- **Excerpted data**
####################
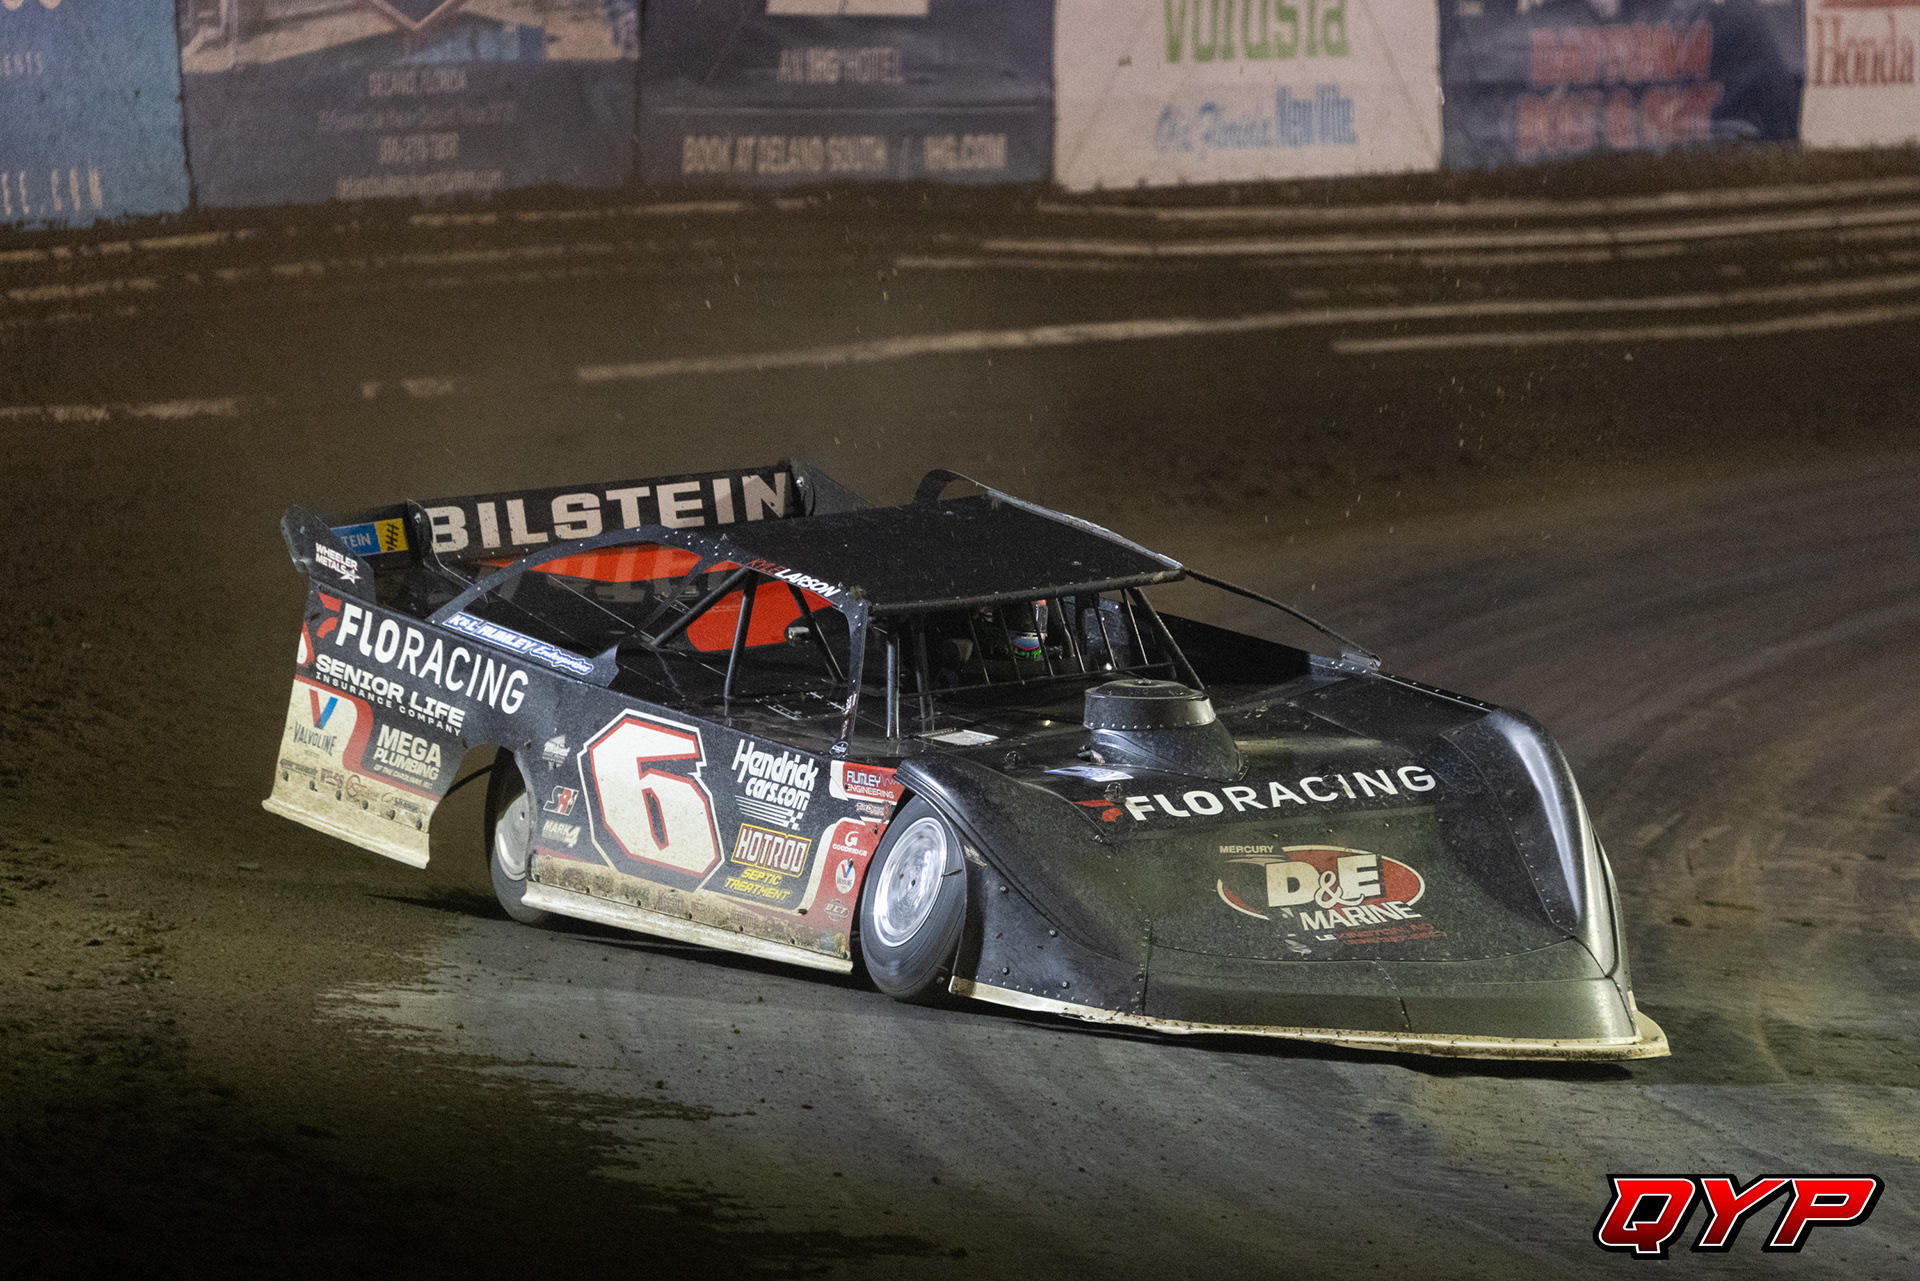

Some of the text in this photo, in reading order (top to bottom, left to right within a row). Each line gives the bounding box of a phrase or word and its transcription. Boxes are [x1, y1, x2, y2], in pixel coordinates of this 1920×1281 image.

[1813, 10, 1915, 87] Honda
[682, 136, 731, 174] BOOK
[733, 136, 755, 173] AT
[425, 472, 788, 554] BILSTEIN
[315, 542, 358, 571] WHEELER
[341, 533, 371, 548] TEIN
[315, 553, 348, 575] METALS
[745, 557, 841, 598] KYLE LARSON
[477, 623, 535, 653] RUMLEY
[335, 602, 529, 715] FLORACING
[315, 653, 466, 728] SENIOR LIFE
[315, 671, 461, 736] INSURANCE COMPANY
[293, 721, 337, 757] VALVOLINE
[377, 724, 441, 768] MEGA
[373, 747, 440, 781] PLUMBING
[731, 738, 819, 792] Hendrick
[588, 716, 721, 878] 6
[745, 777, 811, 812] cars.com
[1125, 765, 1437, 822] FLORACING
[832, 843, 868, 857] GOODRIDGE
[1219, 845, 1275, 854] MERCURY
[724, 877, 791, 901] TREATMENT
[741, 868, 783, 886] SEPTIC
[1265, 853, 1383, 909] D&E
[1300, 900, 1422, 932] MARINE
####################
Exact copy, no pictures: please print the data above once more.

- **Result of the exercise**
Some of the text in this photo, in reading order (top to bottom, left to right within a row). Each line gives the bounding box of a phrase or word and its transcription. Boxes are [x1, y1, x2, y2], in pixel coordinates of this 1920×1281 image.

[1813, 10, 1915, 87] Honda
[682, 136, 731, 174] BOOK
[733, 136, 755, 173] AT
[425, 472, 788, 554] BILSTEIN
[315, 542, 358, 571] WHEELER
[341, 533, 371, 548] TEIN
[315, 553, 348, 575] METALS
[745, 557, 841, 598] KYLE LARSON
[477, 623, 535, 653] RUMLEY
[335, 602, 529, 715] FLORACING
[315, 653, 466, 728] SENIOR LIFE
[315, 671, 461, 736] INSURANCE COMPANY
[293, 721, 337, 757] VALVOLINE
[377, 724, 441, 768] MEGA
[373, 747, 440, 781] PLUMBING
[731, 738, 819, 792] Hendrick
[588, 716, 721, 878] 6
[745, 777, 811, 812] cars.com
[1125, 765, 1437, 822] FLORACING
[832, 843, 868, 857] GOODRIDGE
[1219, 845, 1275, 854] MERCURY
[724, 877, 791, 901] TREATMENT
[741, 868, 783, 886] SEPTIC
[1265, 853, 1383, 909] D&E
[1300, 900, 1422, 932] MARINE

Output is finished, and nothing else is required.